Resumo: O Índice de Acesso à Cidade (IAC) mede as condições de acesso às oportunidades por diversos modos de transporte em 17 cidades brasileiras e calcula o potencial dos aplicativos de transporte em contribuir para a melhoria deste cenário por meio da integração modal.
Ter acesso às oportunidades urbanas é a grande vantagem de morar em cidades que oferecem diversidade de equipamentos e serviços. Quando o acesso é impedido ou criam-se obstáculos por distâncias e preços, não se materializa esse potencial que as cidades têm para oferecer. Sendo assim, a falta de acesso à cidade representa uma barreira para melhorar as condições de vida urbana para grupos desfavorecidos e aumenta as desigualdades sociais.

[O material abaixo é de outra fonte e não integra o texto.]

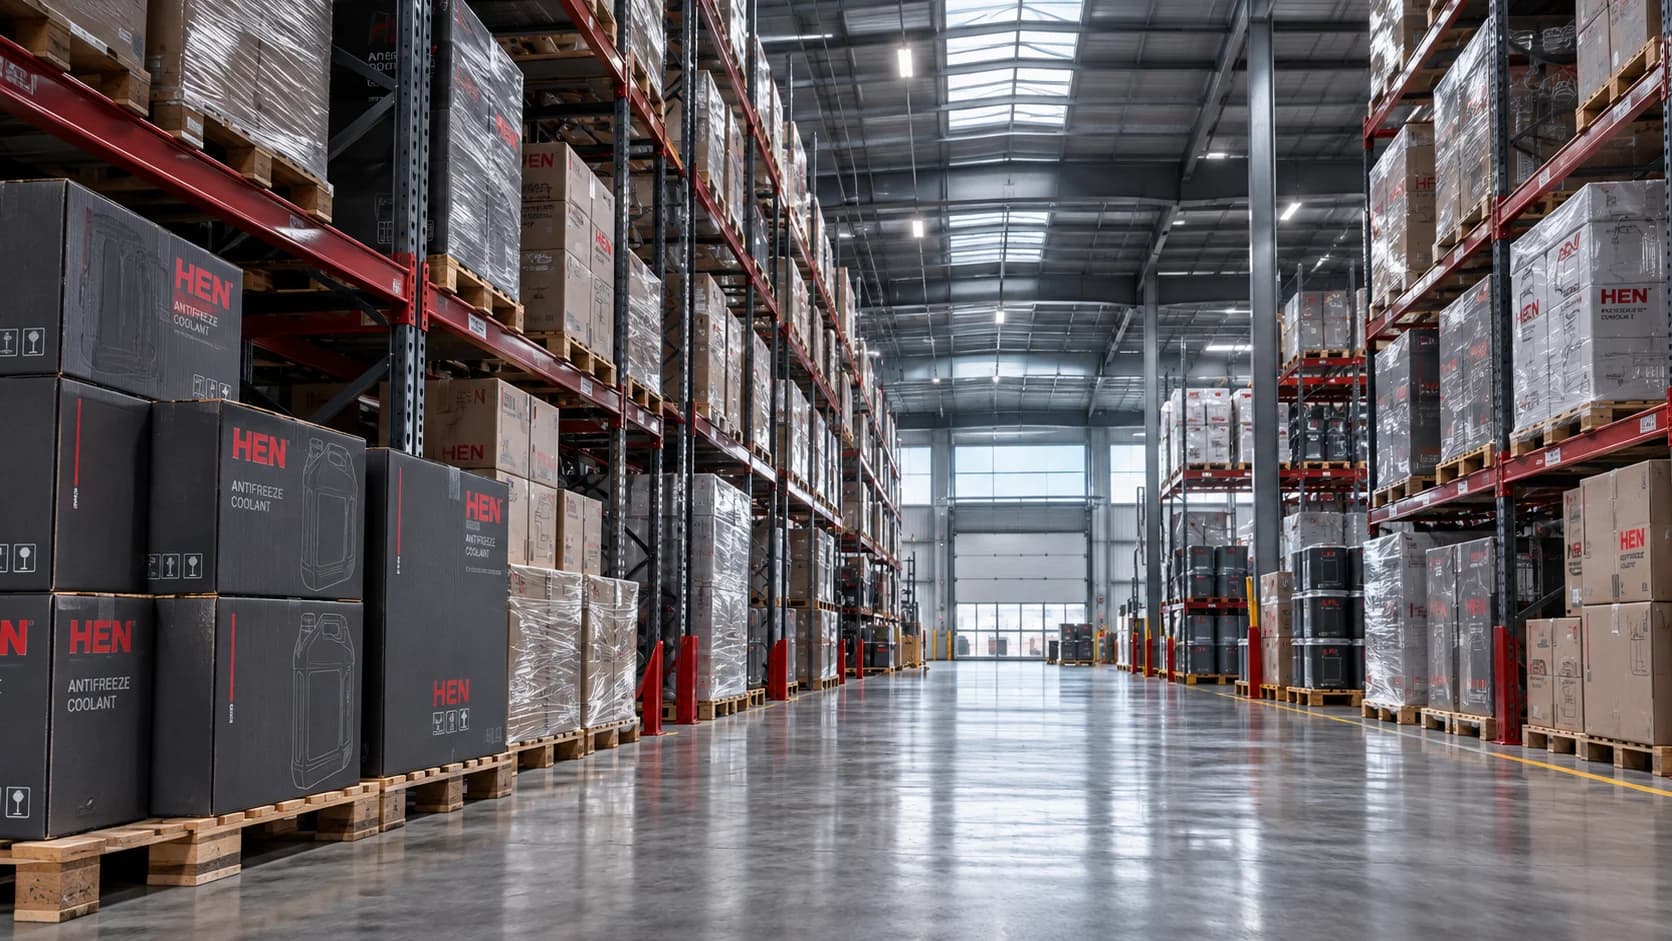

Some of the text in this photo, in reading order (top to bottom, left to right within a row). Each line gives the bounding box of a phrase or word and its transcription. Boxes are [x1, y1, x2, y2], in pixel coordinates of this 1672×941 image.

As cidades brasileiras são extremamente desiguais, com muito mais dificuldade de acesso para grupos específicos. Os centros das cidades, que têm concentração de empregos formais, bem como de serviços e equipamentos públicos, tendem a concentrar a população mais rica e branca; já as periferias se caracterizam por precariedade e faltas, bem como por uma população majoritariamente negra. Atuar sobre as redes de mobilidade pode ter um efeito direto positivo sobre esses grupos, aumentando sua qualidade de vida. Dessa forma, é possível aumentar a capacidade de acesso a bens, serviços e oportunidades econômicas e proporcionar oportunidades de participação através do fornecimento de infraestrutura e serviços relacionados à mobilidade urbana.

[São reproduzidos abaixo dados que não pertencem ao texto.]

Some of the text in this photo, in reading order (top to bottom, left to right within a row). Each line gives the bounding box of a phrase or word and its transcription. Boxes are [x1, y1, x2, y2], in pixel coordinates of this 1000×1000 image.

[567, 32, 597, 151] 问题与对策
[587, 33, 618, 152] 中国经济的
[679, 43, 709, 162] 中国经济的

Nesse contexto, uma rede de transporte multimodal é essencial para alcançar este objetivo. Enquanto o transporte coletivo segue como item central para o aumento de acesso por meio de viagens longas, outros modos, como a mobilidade ativa (andar a pé e bicicleta) e o transporte por aplicativo, também auxiliam no aumento deste acesso nas distâncias médias e curtas, incluindo primeira e última milhas no caso dos trajetos mais longos. As cidades são plurais, e uma mobilidade mais diversa é necessária para atender essa pluralidade de usos desejados e necessitados pelas pessoas no território urbano. Além disso, a possibilidade de utilizar mais de um modo de transporte em uma viagem é importante para que as pessoas possam escolher a combinação de maior conveniência ou desejo. Na prática, os automóveis de aplicativo podem auxiliar na complementaridade às redes de mobilidade já existentes.

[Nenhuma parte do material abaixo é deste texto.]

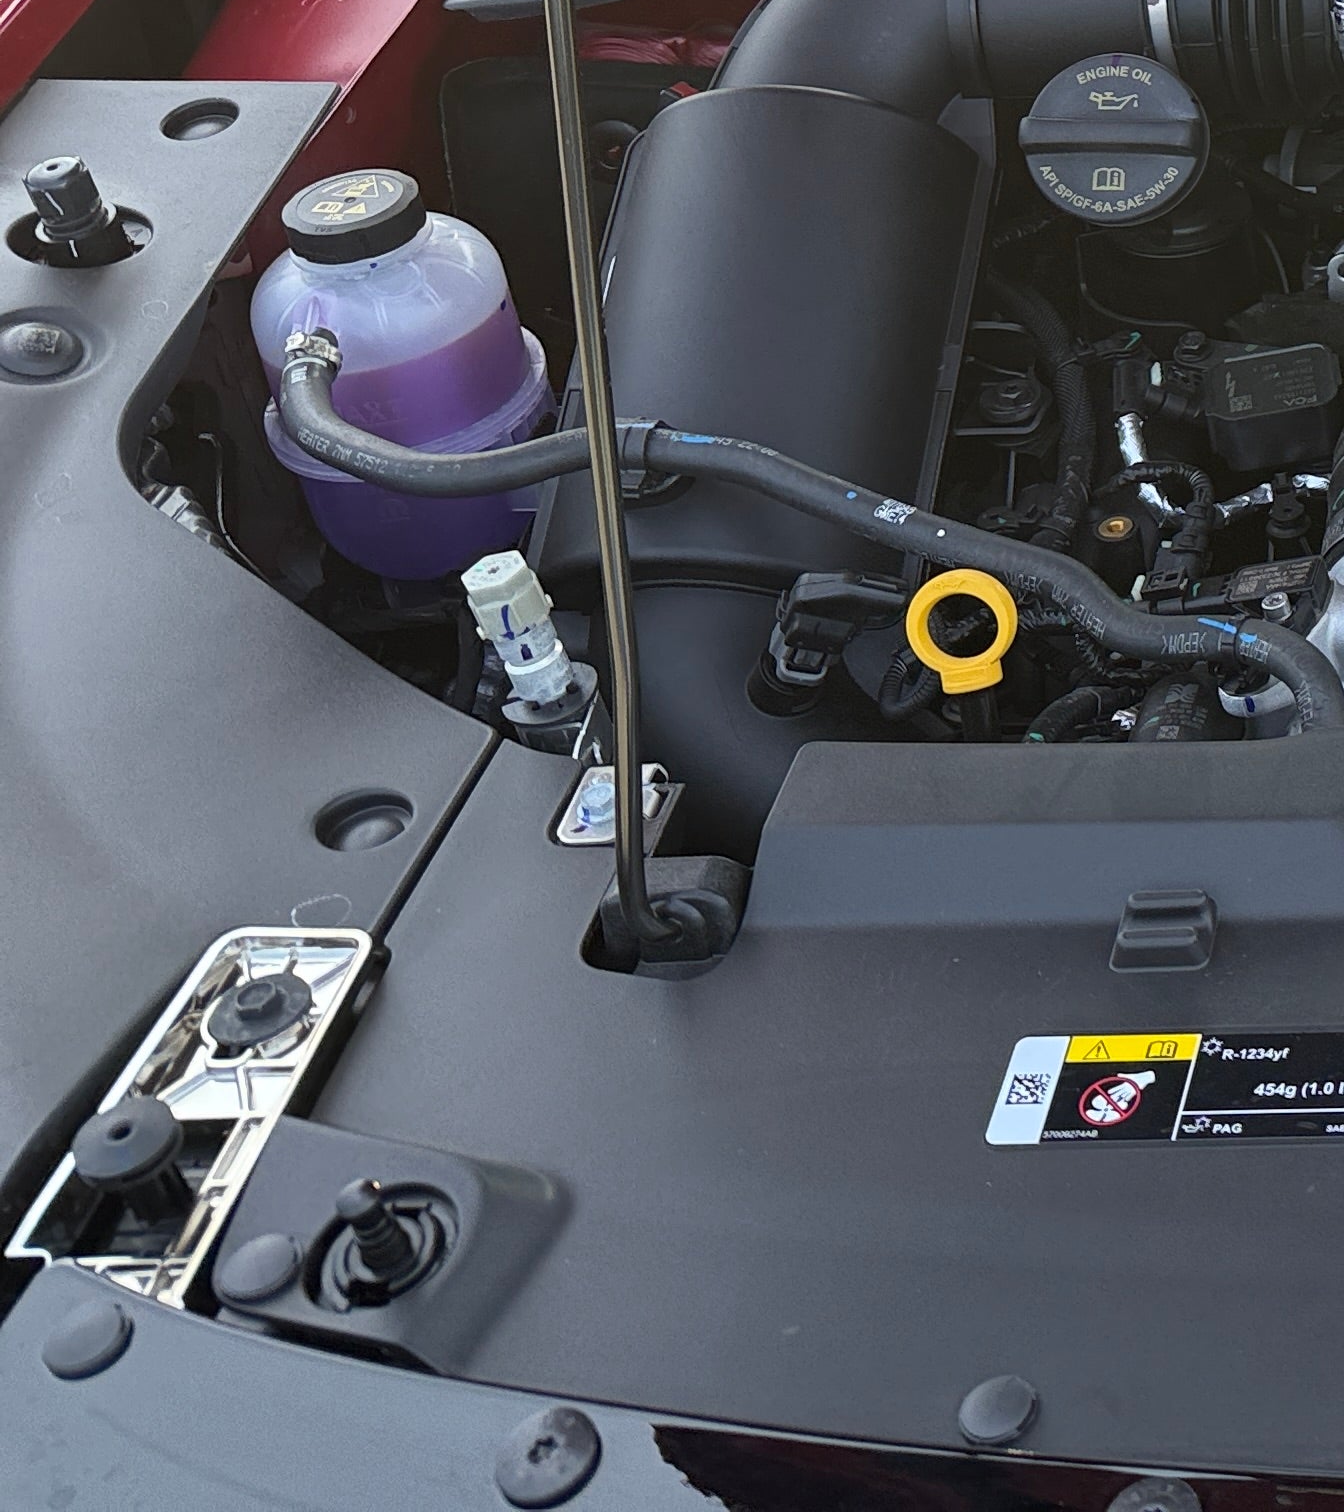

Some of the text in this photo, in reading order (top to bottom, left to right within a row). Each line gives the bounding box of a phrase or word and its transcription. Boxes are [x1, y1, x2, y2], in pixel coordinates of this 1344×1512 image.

[1076, 65, 1153, 86] ENGINE OIL
[1039, 165, 1179, 214] API SP/GF-6A-SAE-5W-30
[297, 427, 331, 455] HEATER
[1069, 602, 1107, 641] HEATER
[1221, 1047, 1290, 1063] R-1234yf
[1253, 1081, 1296, 1098] 454g
[1300, 1081, 1335, 1098] (1.0
[1212, 1122, 1243, 1135] PAG

Com isso em mente, no contexto do programa de formação Liderança & Transformação, em que a 99 e o CLP ofereceram um curso focado nas melhores práticas em gestão pública para mobilidade urbana para servidores de 17 municípios, a 99 e a Multiplicidade criaram o Índice de Acesso à Cidade (IAC). O índice criado, calculado por meio de dados da 99 e dados de fontes públicas para cada uma das cidades participantes do programa, consiste em uma ferramenta inovadora que visa auxiliar a tomada de decisão para políticas públicas em mobilidade urbana que foquem no incremento do acesso à cidade, por diferentes modos, e na redução das desigualdades urbanas socioespaciais.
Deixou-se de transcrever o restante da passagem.